_Task prompt_
Everything in the listing except the pictures should be written out exactly.

++++++++++

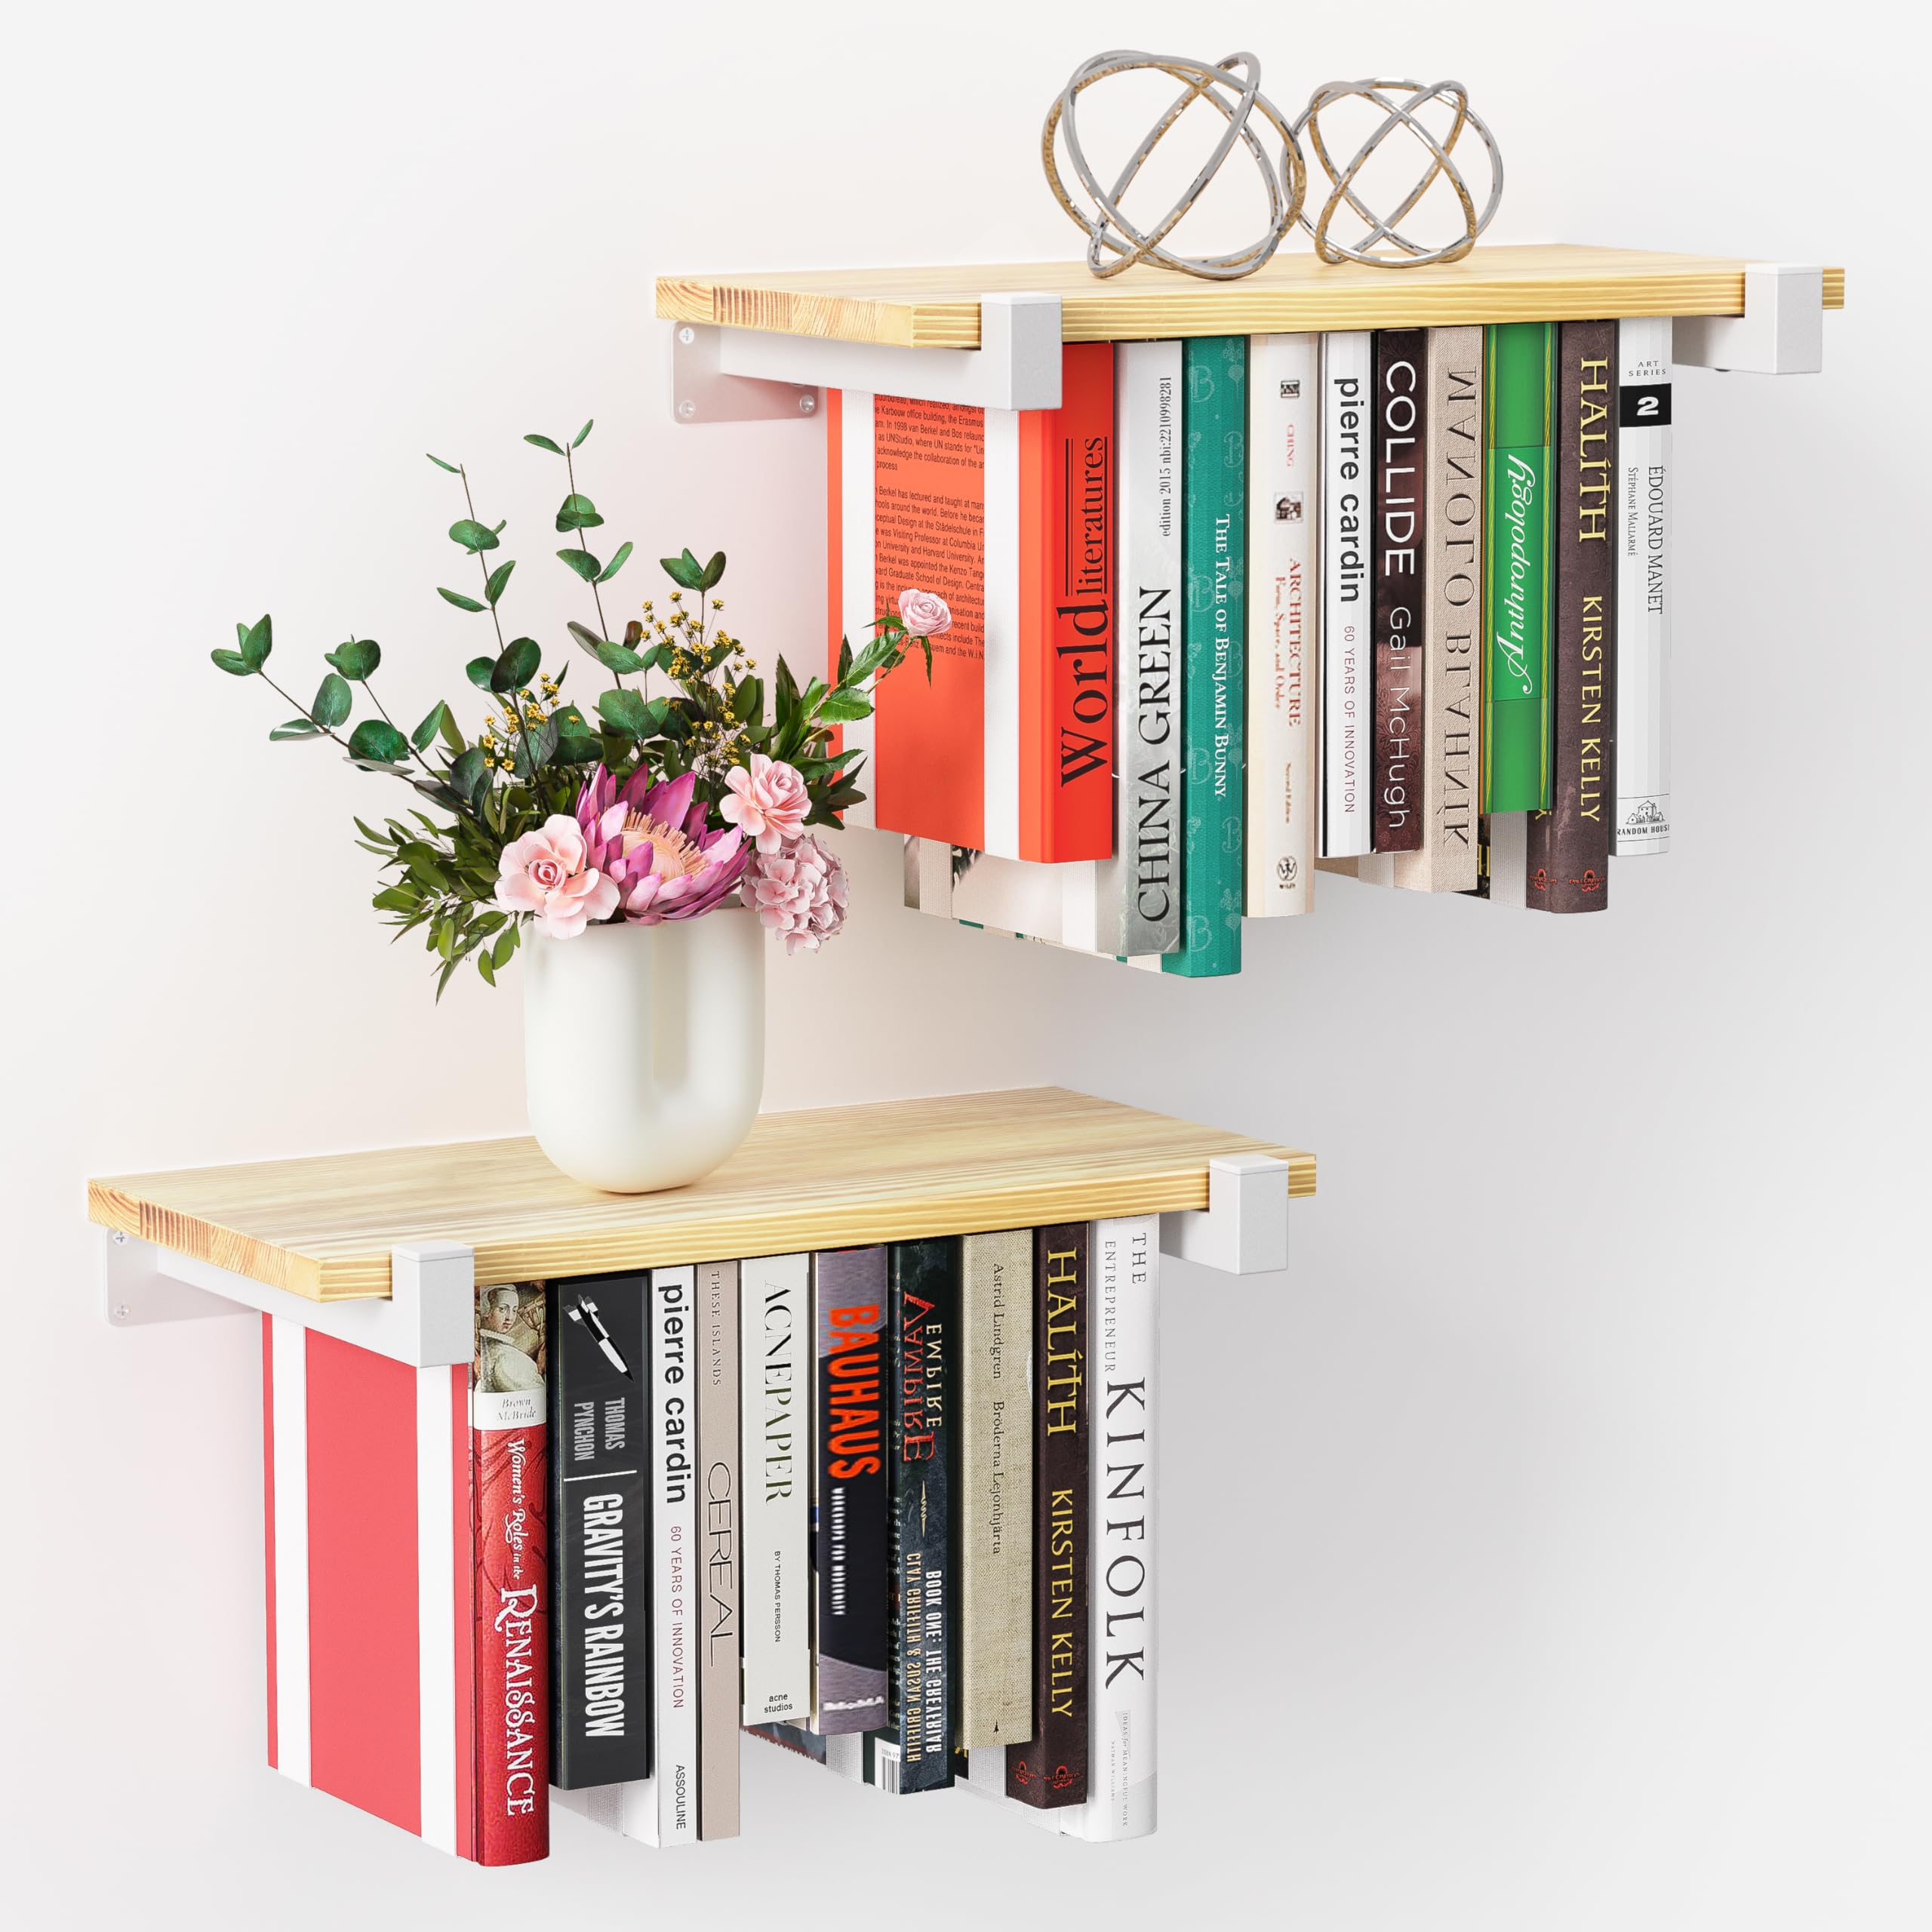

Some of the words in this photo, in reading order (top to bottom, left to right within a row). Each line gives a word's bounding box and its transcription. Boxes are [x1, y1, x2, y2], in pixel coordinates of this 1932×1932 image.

[1629, 368, 1666, 377] SERIES
[907, 409, 922, 419] office
[949, 414, 957, 424] the
[959, 415, 984, 428] Erasmus
[921, 424, 938, 435] Berkel
[940, 428, 949, 437] and
[952, 429, 962, 438] Bos
[1334, 378, 1364, 480] pierre
[1637, 396, 1660, 416] 2
[877, 447, 912, 460] acknowledge
[914, 451, 922, 460] the
[924, 453, 959, 466] collaboration
[968, 457, 977, 468] the
[877, 461, 897, 470] process
[915, 438, 932, 448] where
[934, 439, 943, 449] UN
[944, 441, 962, 452] stands
[1385, 361, 1417, 576] COLLIDE
[879, 485, 896, 497] Berkel
[898, 488, 908, 499] has
[909, 491, 931, 502] lectured
[933, 495, 943, 504] and
[945, 496, 962, 508] taught
[1158, 468, 1171, 494] 2015
[1648, 465, 1666, 551] ÉDOUARD
[891, 502, 910, 512] around
[912, 504, 920, 513] the
[922, 507, 939, 516] world.
[940, 508, 958, 519] Before
[898, 515, 916, 528] Design
[925, 520, 934, 530] the
[1075, 437, 1103, 595] literatures
[1158, 498, 1171, 537] edition
[1215, 514, 1229, 552] THE
[879, 553, 896, 564] Berkel
[911, 560, 937, 571] appointed
[939, 563, 948, 573] the
[949, 564, 968, 576] Kenzo
[882, 540, 909, 555] University
[911, 546, 921, 555] and
[923, 546, 945, 558] Harvard
[946, 550, 976, 565] University.
[893, 528, 913, 542] Visiting
[915, 531, 940, 544] Professor
[949, 537, 976, 550] Columbia
[1340, 494, 1364, 602] cardin
[888, 568, 914, 580] Graduate
[915, 571, 934, 584] School
[943, 577, 964, 589] Design.
[1215, 557, 1229, 605] TALE
[1496, 454, 1537, 694] Anthropology
[1648, 555, 1663, 614] MANET
[952, 620, 970, 630] recent
[953, 634, 973, 645] include
[1214, 608, 1227, 632] OF
[1289, 558, 1303, 726] ARCHITECTURE
[1344, 626, 1355, 641] 60
[1389, 607, 1412, 670] Gail
[1138, 586, 1172, 746] GREEN
[1212, 637, 1229, 729] BENJAMIN
[1344, 647, 1355, 694] YEARS
[1581, 595, 1603, 724] KIRSTEN
[1056, 599, 1109, 788] World
[1344, 700, 1355, 718] OF
[1214, 734, 1229, 798] BUNNY
[1344, 724, 1355, 813] INNOVATION
[1383, 687, 1411, 828] McHugh
[1580, 737, 1601, 822] KELLY
[1137, 759, 1171, 922] CHINA
[993, 1263, 1004, 1307] Astrid
[1132, 1232, 1146, 1284] THE
[711, 1271, 721, 1319] THESE
[1104, 1241, 1116, 1372] ENTREPRENEUR
[658, 1284, 689, 1385] pierre
[712, 1324, 721, 1386] ISLANDS
[989, 1311, 1004, 1379] Lindgren
[764, 1280, 793, 1505] ACNEPAPER
[827, 1303, 881, 1479] BAUHAUS
[574, 1401, 595, 1462] PYNCHON
[605, 1397, 625, 1451] THOMAS
[665, 1397, 691, 1504] cardin
[505, 1508, 529, 1551] Roles
[583, 1494, 625, 1620] GRAVITY'S
[670, 1526, 681, 1542] 60
[774, 1550, 782, 1562] BY
[1051, 1489, 1073, 1619] KIRSTEN
[1106, 1377, 1146, 1690] KINFOLK
[671, 1547, 682, 1592] YEARS
[707, 1461, 734, 1667] CEREAL
[671, 1598, 683, 1616] OF
[584, 1623, 625, 1737] RAINBOW
[672, 1623, 685, 1709] INNOVATION
[1051, 1632, 1072, 1718] KELLY
[494, 1583, 538, 1817] RENAISSANCE
[764, 1702, 793, 1714] studios
[768, 1693, 789, 1703] acne
[675, 1764, 686, 1830] ASSOULINE

++++++++++

_Exercise result_
Some of the words in this photo, in reading order (top to bottom, left to right within a row). Each line gives a word's bounding box and its transcription. Boxes are [x1, y1, x2, y2], in pixel coordinates of this 1932×1932 image.

[1629, 368, 1666, 377] SERIES
[907, 409, 922, 419] office
[949, 414, 957, 424] the
[959, 415, 984, 428] Erasmus
[921, 424, 938, 435] Berkel
[940, 428, 949, 437] and
[952, 429, 962, 438] Bos
[1334, 378, 1364, 480] pierre
[1637, 396, 1660, 416] 2
[877, 447, 912, 460] acknowledge
[914, 451, 922, 460] the
[924, 453, 959, 466] collaboration
[968, 457, 977, 468] the
[877, 461, 897, 470] process
[915, 438, 932, 448] where
[934, 439, 943, 449] UN
[944, 441, 962, 452] stands
[1385, 361, 1417, 576] COLLIDE
[879, 485, 896, 497] Berkel
[898, 488, 908, 499] has
[909, 491, 931, 502] lectured
[933, 495, 943, 504] and
[945, 496, 962, 508] taught
[1158, 468, 1171, 494] 2015
[1648, 465, 1666, 551] ÉDOUARD
[891, 502, 910, 512] around
[912, 504, 920, 513] the
[922, 507, 939, 516] world.
[940, 508, 958, 519] Before
[898, 515, 916, 528] Design
[925, 520, 934, 530] the
[1075, 437, 1103, 595] literatures
[1158, 498, 1171, 537] edition
[1215, 514, 1229, 552] THE
[879, 553, 896, 564] Berkel
[911, 560, 937, 571] appointed
[939, 563, 948, 573] the
[949, 564, 968, 576] Kenzo
[882, 540, 909, 555] University
[911, 546, 921, 555] and
[923, 546, 945, 558] Harvard
[946, 550, 976, 565] University.
[893, 528, 913, 542] Visiting
[915, 531, 940, 544] Professor
[949, 537, 976, 550] Columbia
[1340, 494, 1364, 602] cardin
[888, 568, 914, 580] Graduate
[915, 571, 934, 584] School
[943, 577, 964, 589] Design.
[1215, 557, 1229, 605] TALE
[1496, 454, 1537, 694] Anthropology
[1648, 555, 1663, 614] MANET
[952, 620, 970, 630] recent
[953, 634, 973, 645] include
[1214, 608, 1227, 632] OF
[1289, 558, 1303, 726] ARCHITECTURE
[1344, 626, 1355, 641] 60
[1389, 607, 1412, 670] Gail
[1138, 586, 1172, 746] GREEN
[1212, 637, 1229, 729] BENJAMIN
[1344, 647, 1355, 694] YEARS
[1581, 595, 1603, 724] KIRSTEN
[1056, 599, 1109, 788] World
[1344, 700, 1355, 718] OF
[1214, 734, 1229, 798] BUNNY
[1344, 724, 1355, 813] INNOVATION
[1383, 687, 1411, 828] McHugh
[1580, 737, 1601, 822] KELLY
[1137, 759, 1171, 922] CHINA
[993, 1263, 1004, 1307] Astrid
[1132, 1232, 1146, 1284] THE
[711, 1271, 721, 1319] THESE
[1104, 1241, 1116, 1372] ENTREPRENEUR
[658, 1284, 689, 1385] pierre
[712, 1324, 721, 1386] ISLANDS
[989, 1311, 1004, 1379] Lindgren
[764, 1280, 793, 1505] ACNEPAPER
[827, 1303, 881, 1479] BAUHAUS
[574, 1401, 595, 1462] PYNCHON
[605, 1397, 625, 1451] THOMAS
[665, 1397, 691, 1504] cardin
[505, 1508, 529, 1551] Roles
[583, 1494, 625, 1620] GRAVITY'S
[670, 1526, 681, 1542] 60
[774, 1550, 782, 1562] BY
[1051, 1489, 1073, 1619] KIRSTEN
[1106, 1377, 1146, 1690] KINFOLK
[671, 1547, 682, 1592] YEARS
[707, 1461, 734, 1667] CEREAL
[671, 1598, 683, 1616] OF
[584, 1623, 625, 1737] RAINBOW
[672, 1623, 685, 1709] INNOVATION
[1051, 1632, 1072, 1718] KELLY
[494, 1583, 538, 1817] RENAISSANCE
[764, 1702, 793, 1714] studios
[768, 1693, 789, 1703] acne
[675, 1764, 686, 1830] ASSOULINE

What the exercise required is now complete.